WORK INSTRUCTIONS – Once you find the line with "this 1280×1280 image." in the entries below, return exactly every line from it through the line with "Some of the text".

DATA SECTION –
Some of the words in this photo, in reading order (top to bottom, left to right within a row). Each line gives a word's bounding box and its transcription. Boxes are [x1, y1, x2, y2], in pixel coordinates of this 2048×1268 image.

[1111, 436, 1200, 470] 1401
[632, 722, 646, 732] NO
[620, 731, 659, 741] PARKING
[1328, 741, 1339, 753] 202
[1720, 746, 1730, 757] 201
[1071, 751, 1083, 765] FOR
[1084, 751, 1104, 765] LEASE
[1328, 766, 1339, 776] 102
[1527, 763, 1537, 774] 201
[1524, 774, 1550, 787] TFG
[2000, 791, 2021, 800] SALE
...
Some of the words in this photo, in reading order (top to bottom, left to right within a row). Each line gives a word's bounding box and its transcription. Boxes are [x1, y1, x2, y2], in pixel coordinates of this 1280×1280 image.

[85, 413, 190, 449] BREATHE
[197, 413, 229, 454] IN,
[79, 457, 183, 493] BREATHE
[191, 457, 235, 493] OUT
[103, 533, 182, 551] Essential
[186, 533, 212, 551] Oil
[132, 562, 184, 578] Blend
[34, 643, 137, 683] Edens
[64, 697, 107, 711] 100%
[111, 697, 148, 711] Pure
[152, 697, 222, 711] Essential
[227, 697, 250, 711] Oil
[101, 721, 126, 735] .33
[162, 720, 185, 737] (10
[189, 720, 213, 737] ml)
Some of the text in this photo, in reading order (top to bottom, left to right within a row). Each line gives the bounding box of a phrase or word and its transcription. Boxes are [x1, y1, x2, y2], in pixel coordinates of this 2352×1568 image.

RESPONSE TO THIS EXERCISE –
Some of the words in this photo, in reading order (top to bottom, left to right within a row). Each line gives a word's bounding box and its transcription. Boxes are [x1, y1, x2, y2], in pixel coordinates of this 1280×1280 image.

[85, 413, 190, 449] BREATHE
[197, 413, 229, 454] IN,
[79, 457, 183, 493] BREATHE
[191, 457, 235, 493] OUT
[103, 533, 182, 551] Essential
[186, 533, 212, 551] Oil
[132, 562, 184, 578] Blend
[34, 643, 137, 683] Edens
[64, 697, 107, 711] 100%
[111, 697, 148, 711] Pure
[152, 697, 222, 711] Essential
[227, 697, 250, 711] Oil
[101, 721, 126, 735] .33
[162, 720, 185, 737] (10
[189, 720, 213, 737] ml)
Some of the text in this photo, in reading order (top to bottom, left to right within a row). Each line gives the bounding box of a phrase or word and its transcription. Boxes are [x1, y1, x2, y2], in pixel coordinates of this 2352×1568 image.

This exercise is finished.